Dust To Dust
by Colin P. Davies
Richard’s phosphorescence had returned, like a seasonal dust cloud, lemon sharp and angry edged. He stroked a finger down his forearm and dry skin fell like powder to the smooth tiled floor. He had thought that the disease had abated, that whatever rare and distressing variant of eczema had afflicted him this last week had been only a temporary reaction to the stress of being hunted. That hope had now faded, and it made him angry.
He sucked in a slow, deep breath. No value now in anger. Survival would depend on calm planning and cool execution, and a low profile.
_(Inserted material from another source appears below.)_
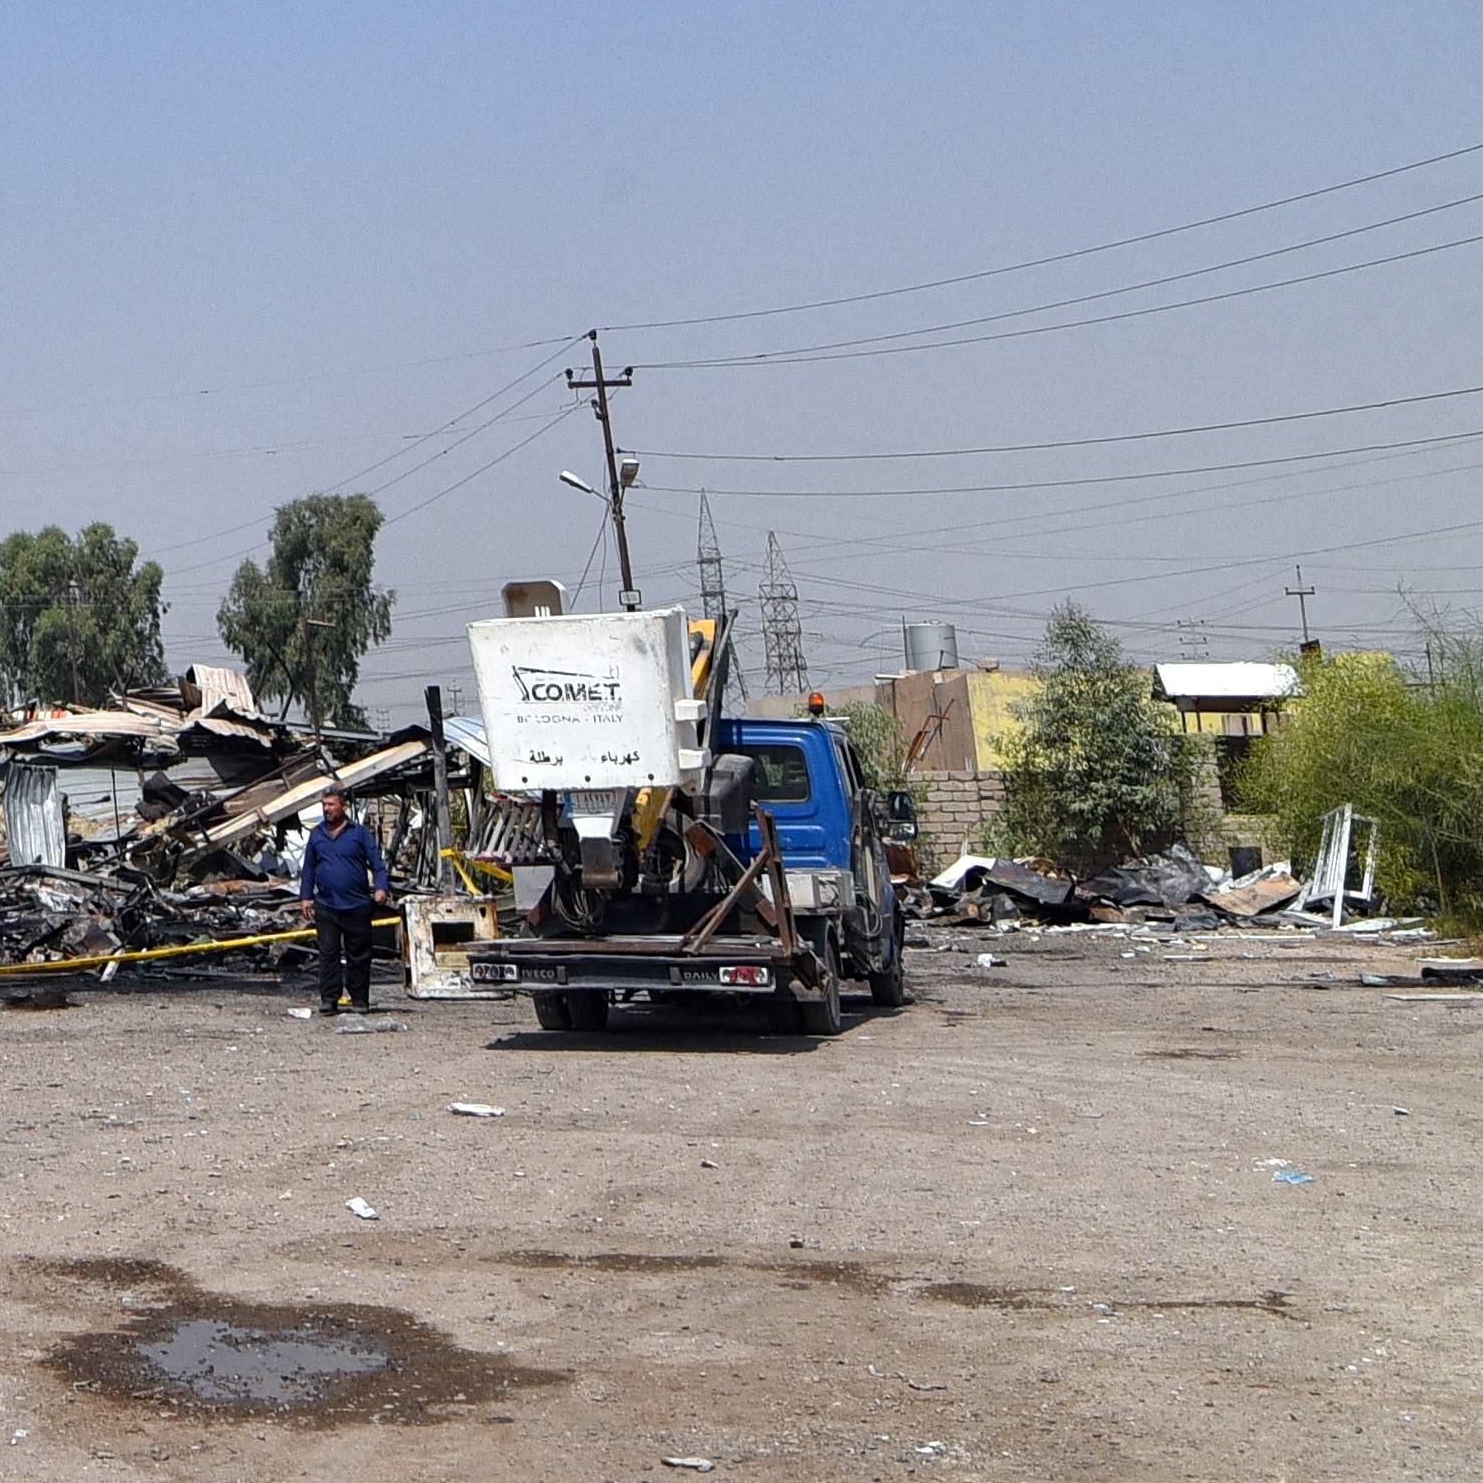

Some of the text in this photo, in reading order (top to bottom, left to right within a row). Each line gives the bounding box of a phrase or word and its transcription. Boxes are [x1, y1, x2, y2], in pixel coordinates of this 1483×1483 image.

He dropped the towel, lowered himself into the warm bathwater and allowed his rage to seep away.
A scum of yellow skin settled upon the surface of the bubbles. Wash clean, scrub thoroughly... That would buy him another two hours, enough time to slip in through the police cordon around the Halcyon Quarter of the city and reach the house of his friend Doctor Philby. No-one else could be trusted. Not the media, not the hotel staff, not even the police. Only the Doctor could help him.
When he had finished, he lay back.
Midday sunlight burned through the window, dazzling him. He gasped as pain lanced through his eyeballs. He’d been having trouble with his eyes for days — fuzzy vision and irritation — but had veered his thoughts around its significance. He didn’t trust himself not to panic.
The light intensified. The white circle of the sun swelled larger, as though falling towards him. He saw a mark on the glass... first a small hole, then wider. The leaf-patterned glass was melting. With a thump like a stinging slap in the face, the rolled-up blind ignited.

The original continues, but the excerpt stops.